Proprio da questa consapevolezza ha preso le mosse Planet Aqua, Planet Peace (Pianeta Acqua, Pianeta Pace), il tema della seconda edizione della Venice Climate Week 2026. Venezia ha smesso così di essere solo una città sull’acqua e, dal 3 all’8 giugno, è diventata la capitale globale del destino di quell’elemento essenziale per la vita sul pianeta. Un appello collettivo che ha coinvolto oltre cento speaker internazionali, tra scienziati, economisti, policy maker, imprenditori, artisti, attivisti e rappresentanti della società civile. Noi di Marevivo eravamo presenti, con il suo portato di impegno quotidiano in difesa del mare e delle creature che lo abitano.

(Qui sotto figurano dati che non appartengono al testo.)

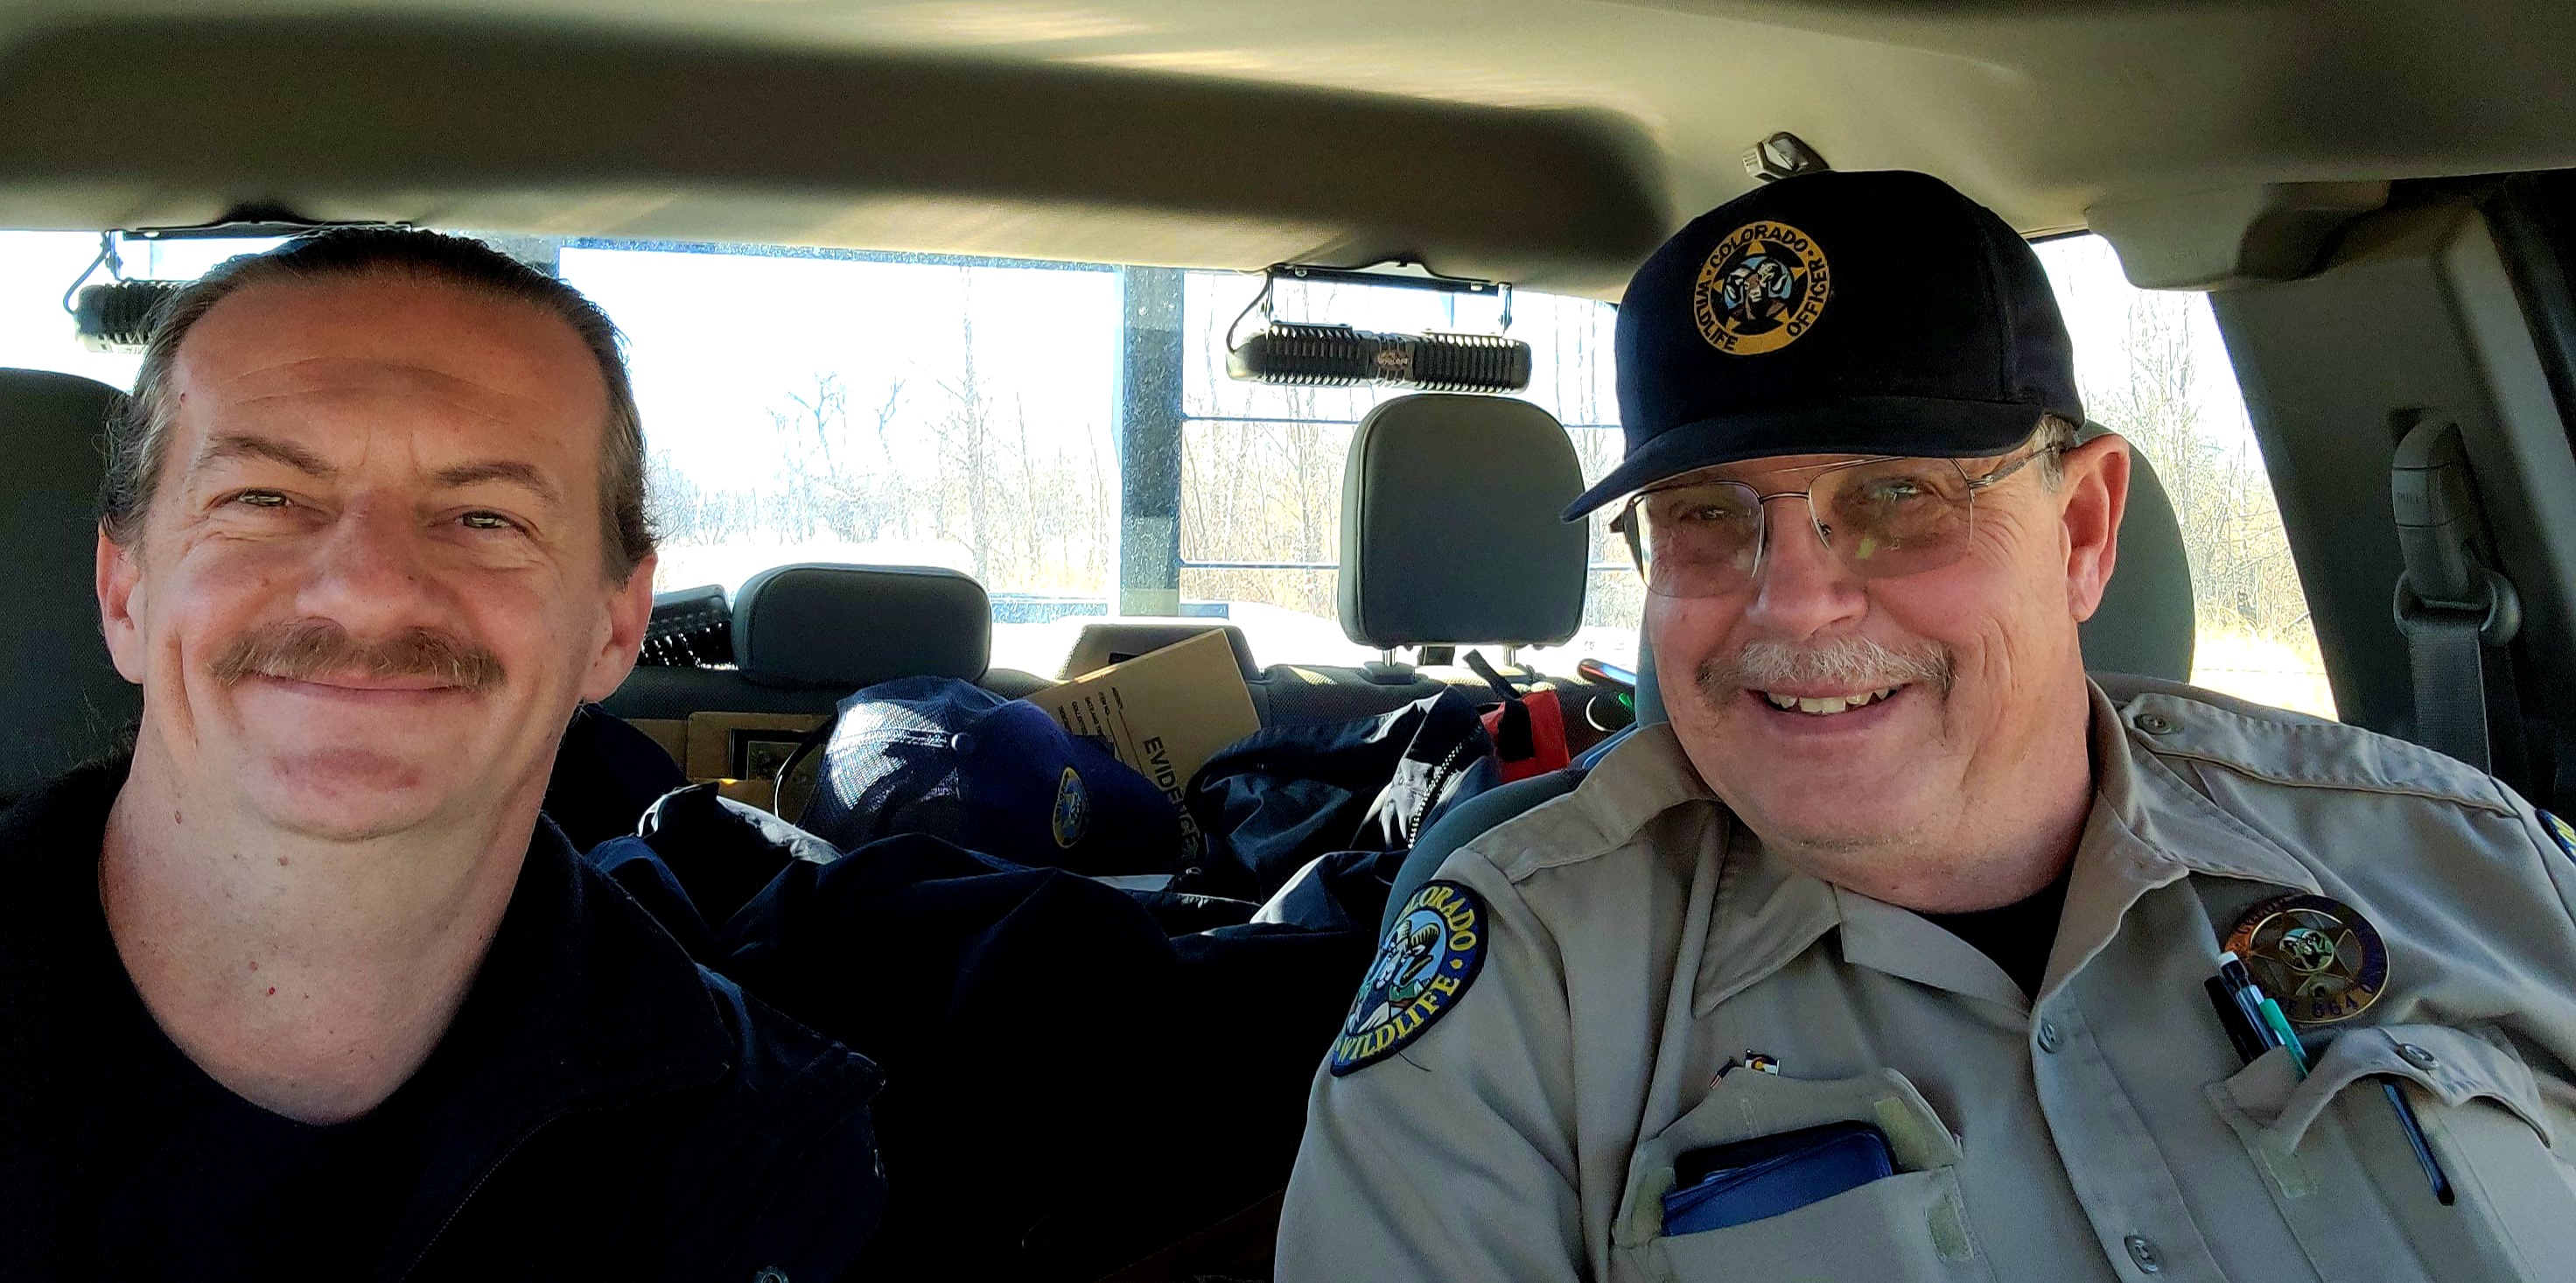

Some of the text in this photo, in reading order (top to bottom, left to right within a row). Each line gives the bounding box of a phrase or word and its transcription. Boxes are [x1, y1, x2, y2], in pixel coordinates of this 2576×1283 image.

[1710, 224, 1809, 268] COLORADO
[1696, 278, 1739, 351] WILDLIFE
[1787, 257, 1827, 337] OFFICER
[1142, 736, 1199, 855] EVIDECE
[1335, 973, 1460, 1063] WILDLIFE

Unico filo conduttore: l’acqua, considerata non solo come la risorsa più preziosa, ma anche come la chiave per affrontare l’attuale crisi climatica. E forse proprio dal mare potrebbero arrivare alcune delle risposte alle grandi sfide del nostro tempo.

La settimana veneziana ha alternato momenti di confronto, cultura e divulgazione, contribuendo a diffondere conoscenza scientifica e a promuovere una nuova consapevolezza sul rapporto tra uomo e ambiente. Tra le voci più autorevoli quella di Jeremy Rifkin, economista e sociologo statunitense, che ha ribadito come il XXI secolo debba essere interpretato come l’epoca del “Pianeta Acqua”, più che del “Pianeta Terra”. Secondo Rifkin, l’acqua non è soltanto una risorsa ambientale, ma un bene comune strategico da cui dipendono sicurezza, sviluppo, salute e pace. Una prospettiva che invita a ripensare il futuro delle città, delle economie e delle comunità partendo proprio dalla tutela del patrimonio idrico e marino.